Amyotrophic lateral sclerosis (ALS) is a neurodegenerative disorder that affects as many as 30,000 people in the United States, with 5,000 new cases diagnosed each year. It weakens muscles over time, impacting physical function and ultimately leading to death. There is no single cause for the disease and no known cure. However, Johns Hopkins Medicine researchers have found a possible window of opportunity during ALS treatment to target astrocyte abnormalities — a subtype of cells in the central nervous system that provide a structure to metabolically support neurons and fine-tune neuron network signaling.
The research team believes that astrocytes are actively involved in the death of motor neurons, which are cells in the brain and spinal cord that allow people to move, speak, swallow and breathe by sending commands from the brain to the muscles that carry out these functions.
“We think this is particularly important because the astrocyte dysfunction is active after symptom onset in patients with ALS,” says Nicholas Maragakis, M.D., professor of neurology at the Johns Hopkins University School of Medicine and medical director of the Johns Hopkins ALS clinical trials unit. “This finding may enable us to target abnormalities in astrocytes for ALS treatment.”
In their study, published March 21 in the Proceedings of the National Academy of Sciences of the United States of America, researchers analyzed brain and spinal cord tissues from patients with ALS and observed that a particular astrocyte protein, connexin 43, acts as an open pore that sends toxic factors to the motor neurons from the astrocytes.
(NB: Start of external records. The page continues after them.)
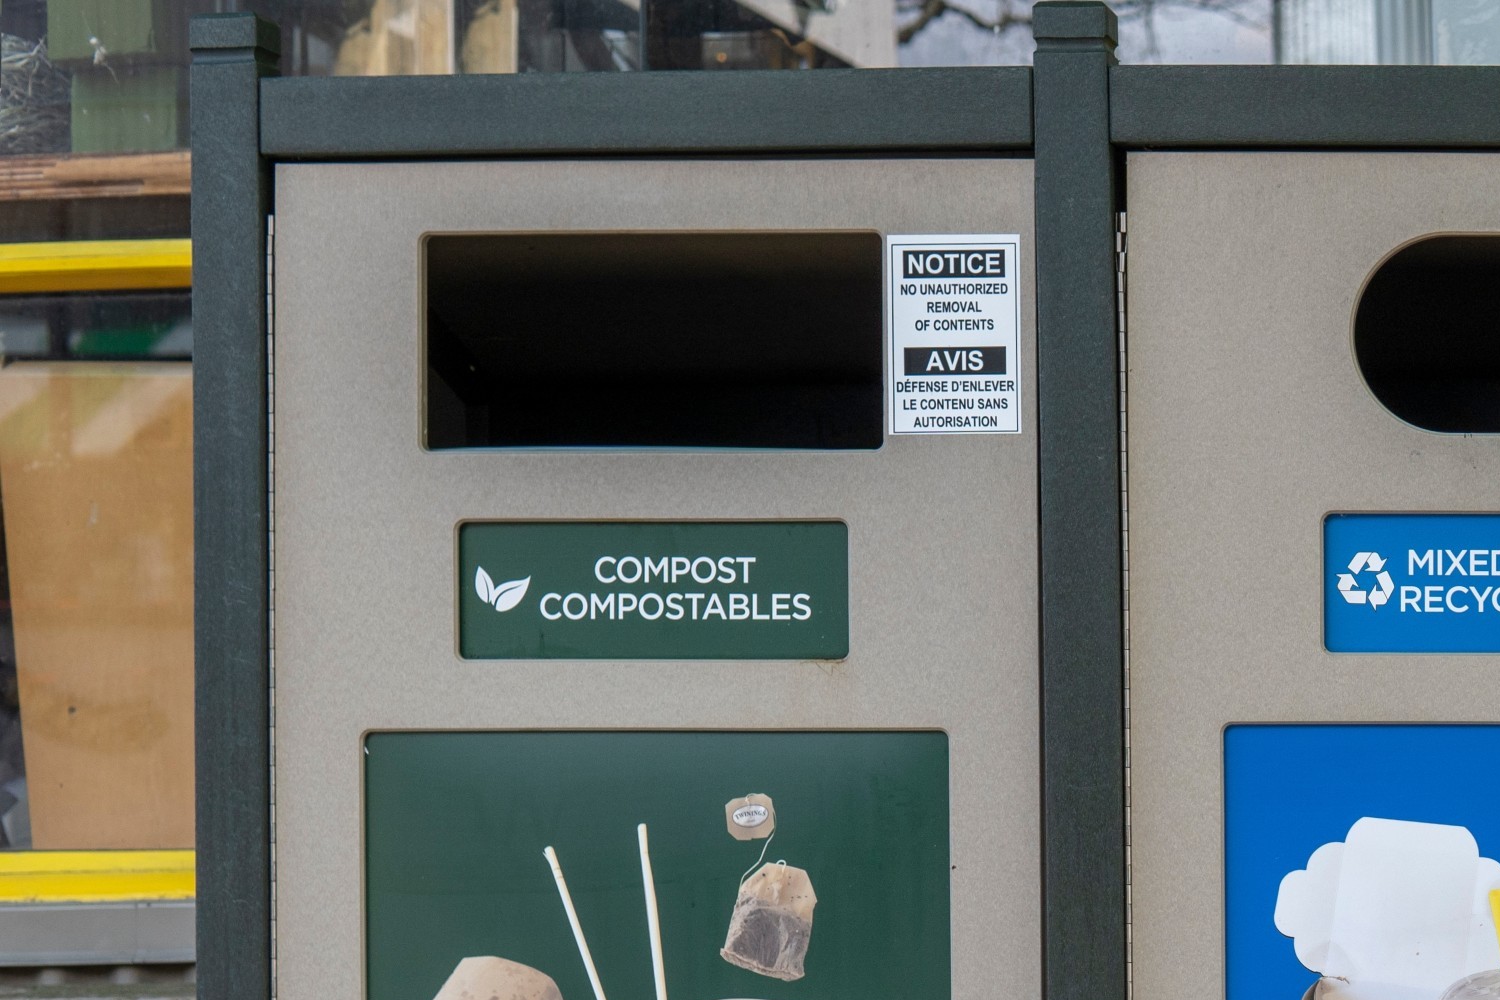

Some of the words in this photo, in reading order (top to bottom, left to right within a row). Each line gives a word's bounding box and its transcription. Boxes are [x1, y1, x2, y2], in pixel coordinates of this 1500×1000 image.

[908, 253, 1001, 274] NOTICE
[901, 284, 917, 295] NO
[920, 283, 1008, 295] UNAUTHORIZED
[927, 301, 982, 313] REMOVAL
[915, 320, 930, 331] OF
[933, 319, 994, 331] CONTENTS
[926, 350, 984, 371] AVIS
[896, 379, 948, 392] DÉFENSE
[952, 380, 1015, 392] D'ENLEVER
[903, 399, 917, 410] LE
[920, 398, 974, 410] CONTENU
[978, 398, 1008, 409] SANS
[914, 416, 998, 427] AUTORISATION
[594, 556, 756, 584] COMPOST
[539, 592, 812, 621] COMPOSTABLES
[735, 810, 766, 820] TWININGS
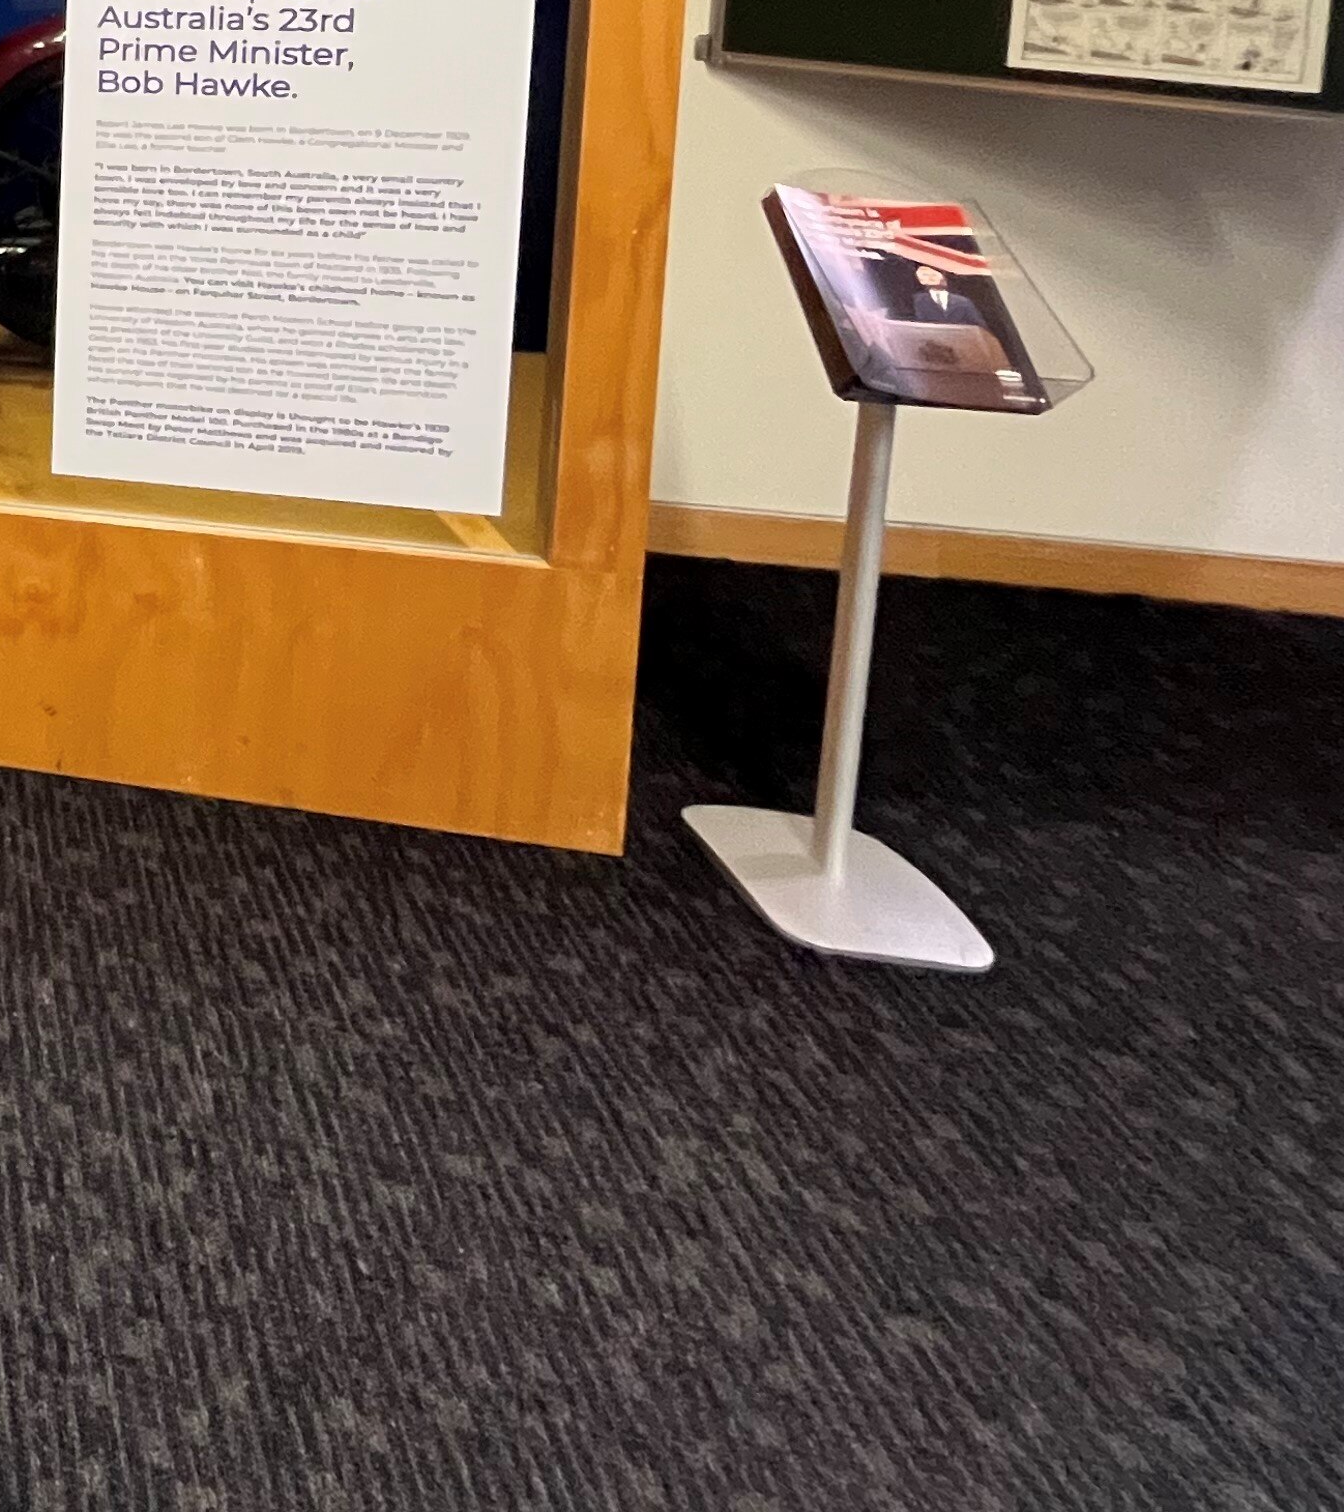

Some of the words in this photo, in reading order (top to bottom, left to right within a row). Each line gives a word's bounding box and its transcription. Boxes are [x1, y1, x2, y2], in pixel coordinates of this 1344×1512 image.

The pore was particularly active in patients with ALS who have a family history of the disease and those who contracted the disease in a sporadic fashion.
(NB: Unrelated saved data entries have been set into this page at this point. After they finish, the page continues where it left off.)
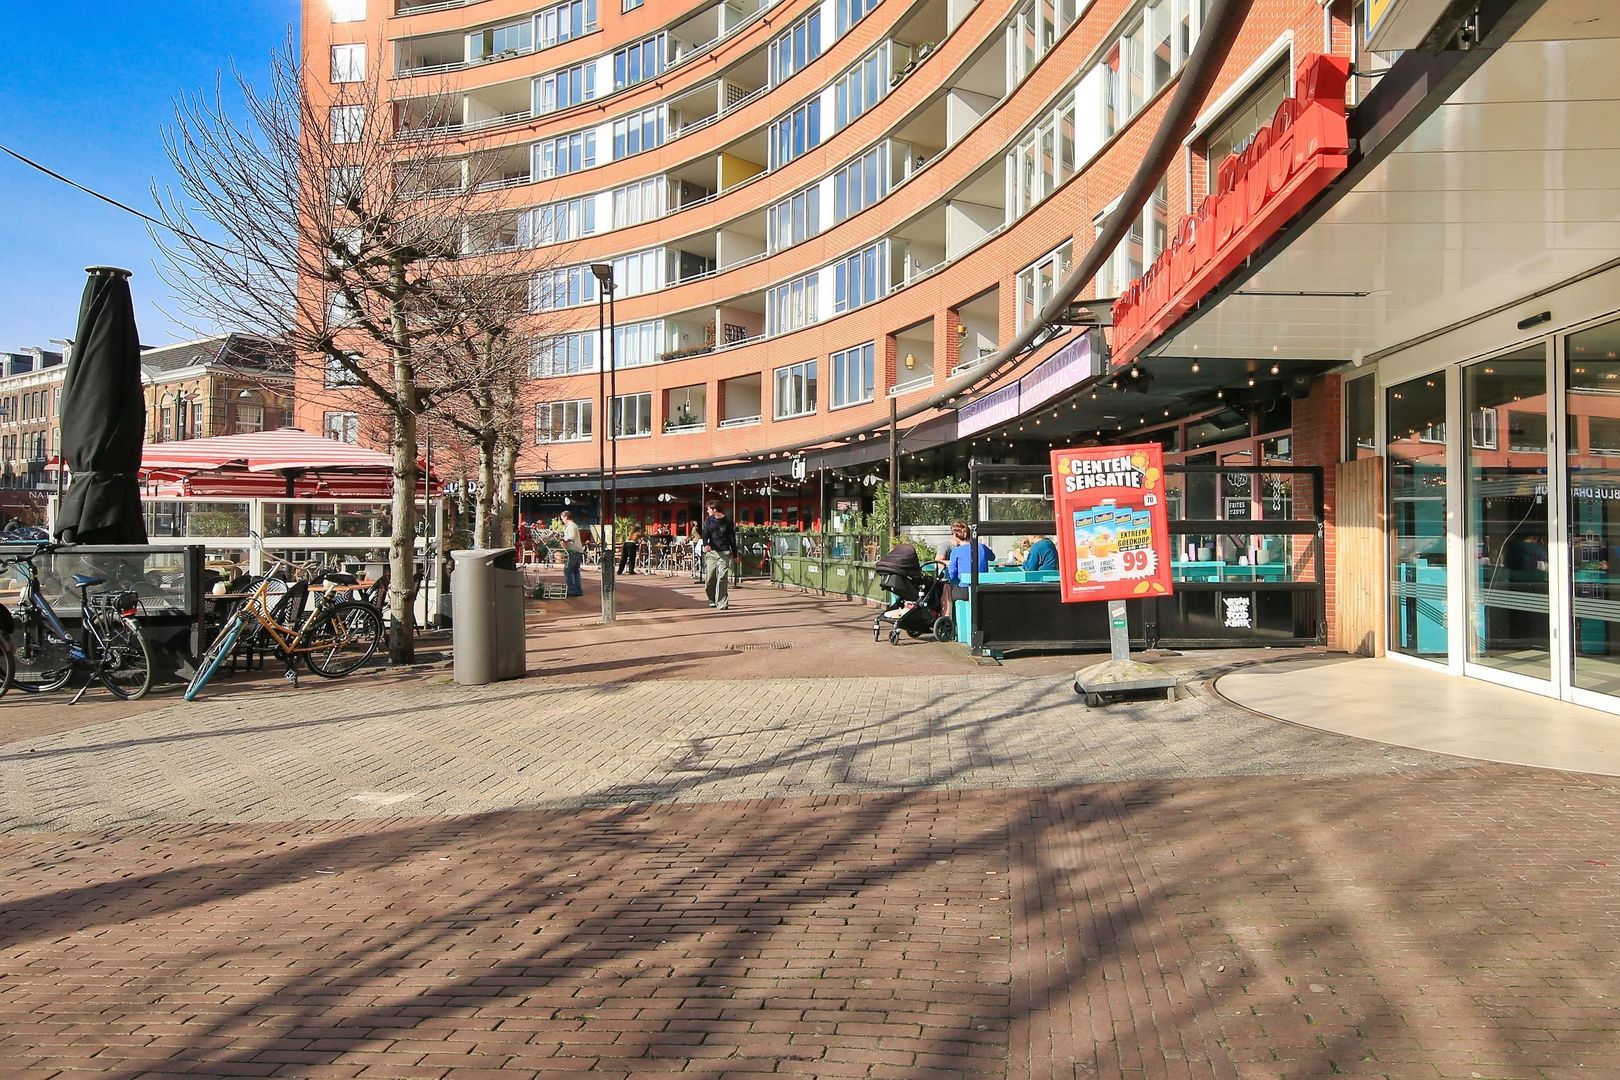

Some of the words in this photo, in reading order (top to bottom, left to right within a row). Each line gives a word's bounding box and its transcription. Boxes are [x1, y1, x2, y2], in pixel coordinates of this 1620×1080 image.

[1071, 456, 1132, 475] CENTEN
[1065, 471, 1141, 493] SENSATIE
[1120, 528, 1148, 539] EXTREEM
[1117, 536, 1150, 547] GOEDKOOP
[1122, 550, 1148, 571] 99
[1222, 597, 1250, 607] VEGAN
[1226, 611, 1250, 620] FOOD
The research team was also able to develop stem cell lines from patients with ALS and develop them into astrocytes. They found that these astrocytes induced motor neuron death through hemichannels (proteins that provide pathways for the movement of molecules among cells).
“This is a new pathway that we have shown to be present in ALS tissues, animal models and patient-derived stem cells,” Maragakis says. “It’s also exciting that this particular hemichannel protein seems to be elevated in spinal fluid from patients with ALS and could serve as an important biomarker. This is a true precision medicine approach toward the disease.”
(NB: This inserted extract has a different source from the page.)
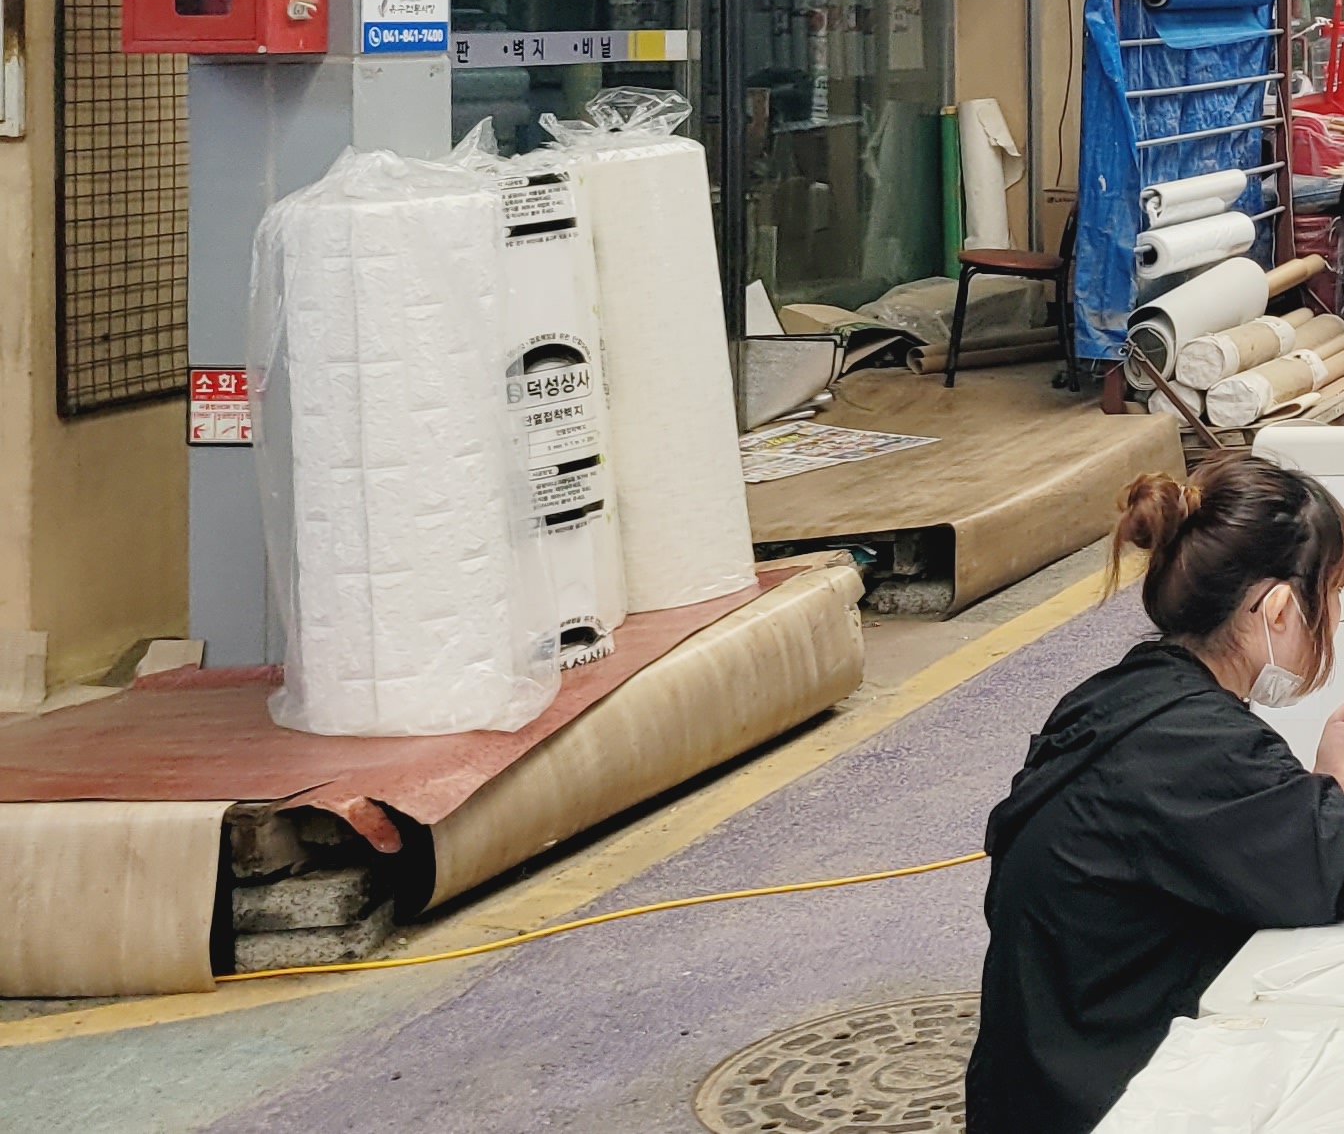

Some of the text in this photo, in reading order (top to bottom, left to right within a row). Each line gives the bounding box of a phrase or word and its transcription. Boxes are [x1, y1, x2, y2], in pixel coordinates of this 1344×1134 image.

[382, 29, 444, 44] 041-841-7400
[512, 37, 545, 62] 벽지
[581, 36, 612, 60] 비닐
[526, 369, 590, 400] 덕성상사
Maragakis says pharmaceuticals are being developed that could block this hemichannel. During the study, his team showed that tonabersat, a drug originally developed for treatment of migraine and epilepsy, could block astrocyte-induced motor neuron death in human ALS stem cell lines and animal models.
This study, Maragakis says, offers increasing evidence that astrocytes play a role in the spread of ALS. Next, the team will try to establish why this hemichannel is so active in ALS astrocytes, giving them a better understanding of how the disease progresses. Maragakis says it’s equally important because it furthers his team’s work to identify new drugs that can block this particular hemichannel, serving as future therapeutics for ALS.
The study was funded by the ALS Association, the Maryland Stem Cell Research Fund, the Robert Packard Center for ALS Research at Johns Hopkins, the U.S. Department of Defense and the National Institutes of Health.